Zu den bisher angebotenen Diensten gehören:

  • Video on Demand: Ermöglicht den jederzeitigen Abruf entgeltpflichtig angebotener Filme. Dabei kann der Film wie auf einem Videorecorder vor- und zurückgespult werden.
  • Near Video on Demand: Auch hier kann der Benutzer unter einem bestimmten Angebot von Filmen auswählen, diese werden jedoch nur in bestimmten Zeitabständen (z.B. alle fünfzehn Minuten) gestartet. Hier sollen ebenfalls Gebühren für das Ansehen des einzelnen Films erhoben werden.
  1. Pay per Channel: Hier wird für einen bestimmten Zeitraum (z.B. für einen Monat) das Programm eines bestimmten Fernsehsender angemietet. Derartige Angebote sind bereits jetzt - wenn auch in einer anderen technischen Realisierung - verfügbar.
  2. Home-Shopping: Ermöglicht den Einkauf verschiedener Waren bei verschiedenen Anbietern "vom Wohnzimmersessel aus". Die Bestellungen werden an die Versandhäuser weitergegeben und dort bearbeitet.
    • Pay-Radio: Einzelne Radioprogramme werden für einen bestimmten Zeitraum gemietet.

Daneben besteht das Pilotprojekt aus zahlreichen Informationsangeboten, die so unterschiedliche Bereiche wie Öffnungszeiten von Stellen der Berliner Verwaltung bis hin zu Kleinanzeigen abdecken. An dem Pilotprojekt sind neben der Telekom öffentliche und private Rundfunksender und andere Unternehmen aus dem Medienbereich beteiligt.

Ziel des Pilotprojekts in der gegenwärtigen Phase ist in erster Linie die Erkundung verschiedener Möglichkeiten zur technischen Realisierung derartiger Dienste. Der Berliner Datenschutzbeauftragte hat sich entschlossen, an dem Pilotversuch teilzunehmen, um bereits bei der Entwicklung solcher Technologien auf eine Berücksichtigung des Datenschutzes zu dringen.

Die aus unserer Sicht zentrale Gestaltung der Abrechnungsverfahren ist bislang noch völlig offen.
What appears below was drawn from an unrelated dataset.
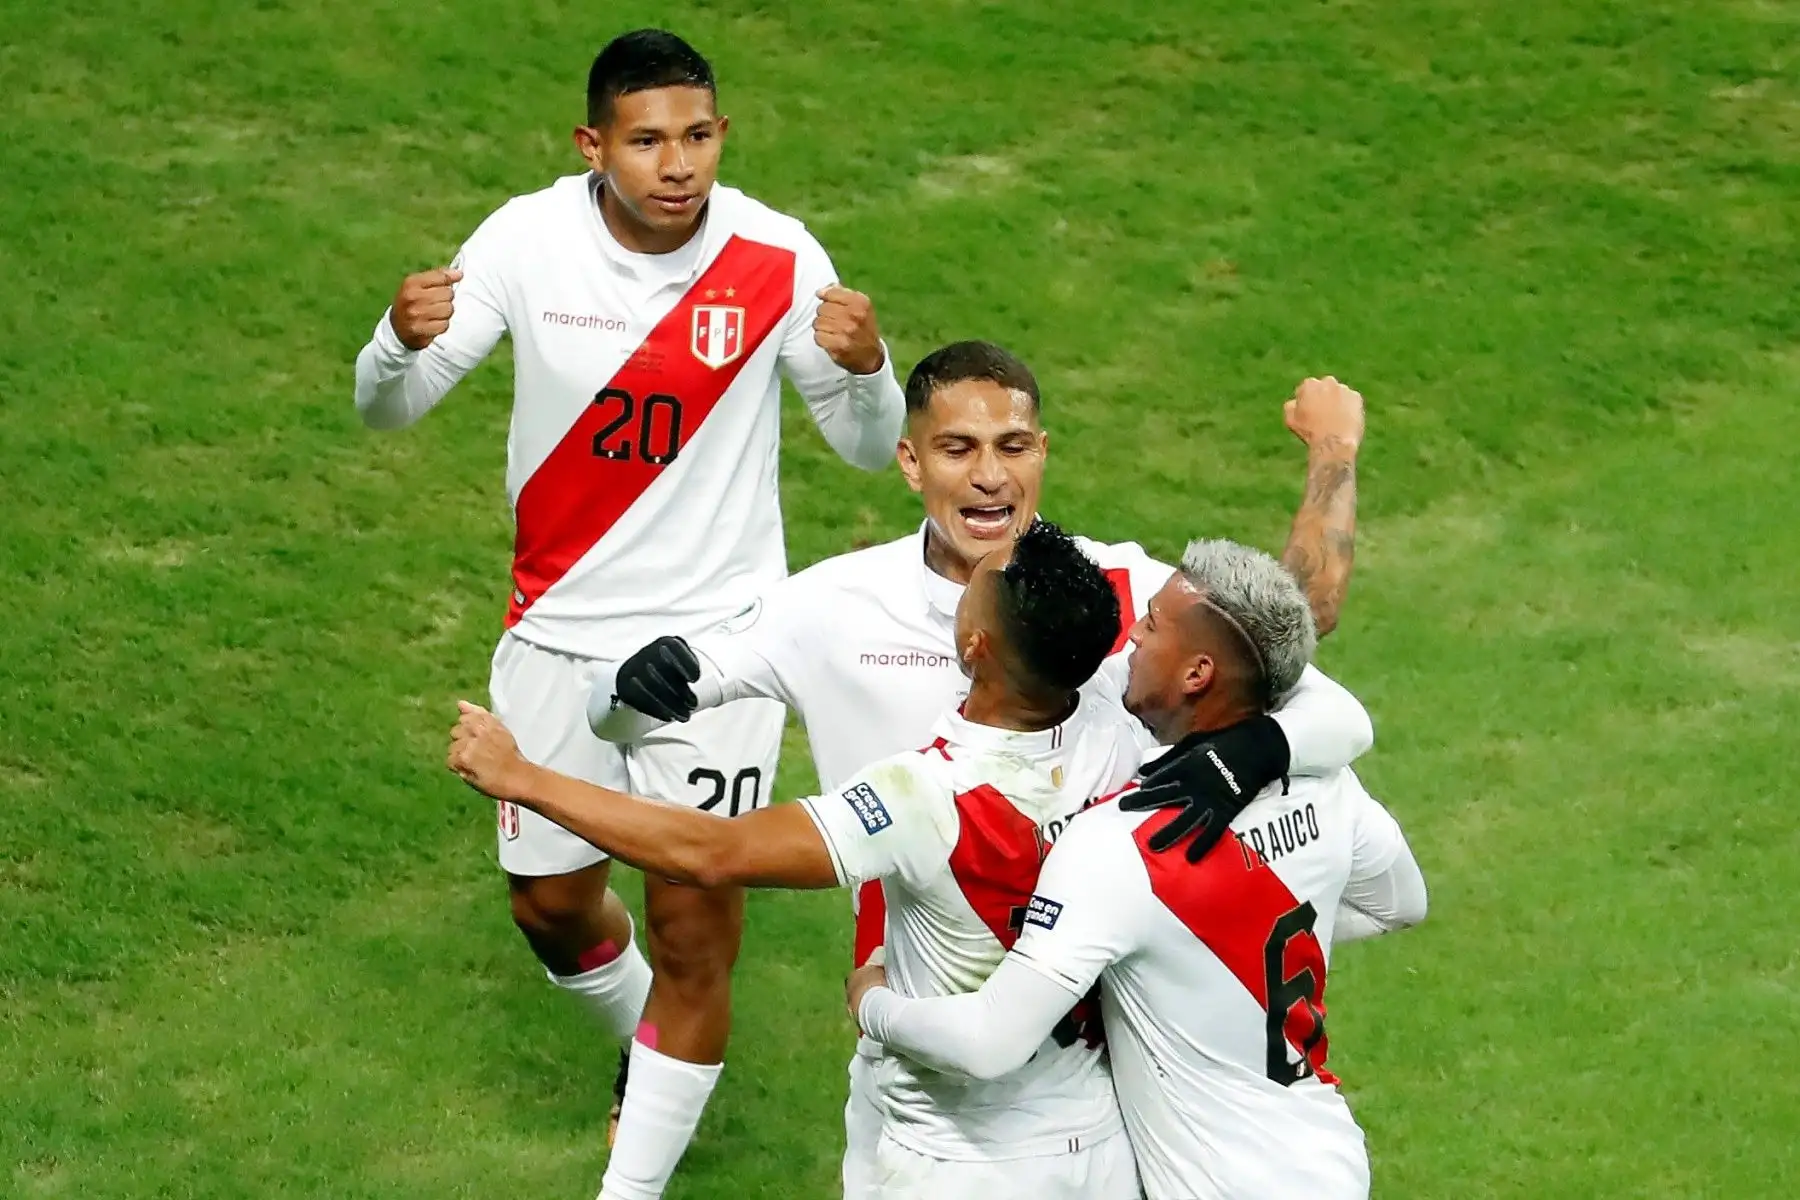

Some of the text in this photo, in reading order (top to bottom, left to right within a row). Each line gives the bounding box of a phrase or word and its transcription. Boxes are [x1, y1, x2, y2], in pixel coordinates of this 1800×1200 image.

Das liegt vordergründig daran, daß im Berliner Pilotprojekt alle Angebote gebührenfrei sind. Aber auch der Umstand, daß jeder Tastendruck der einzelnen Teilnehmer an diesem Projekt anschlußbezogen registriert wird, ist allenfalls für die jetzt zu Ende gehende Versuchsphase, nicht aber für den späteren flächendeckenden Echtbetrieb akzeptabel. Notwendigkeit ist eine datenschutzfreundliche Gestaltung der Nutzung und Abrechnung derartiger Dienstleistungsangebote.

Unterdessen ist zwischen dem Datenschutzbeauftragten der Telekom, dem Bundesbeauftragten für den Datenschutz und den Landesdatenschutzbeauftragten derjenigen Länder, in denen Pilotprojekte der Telekom stattfinden, ein regelmäßiger Erfahrungsaustausch vereinbart worden.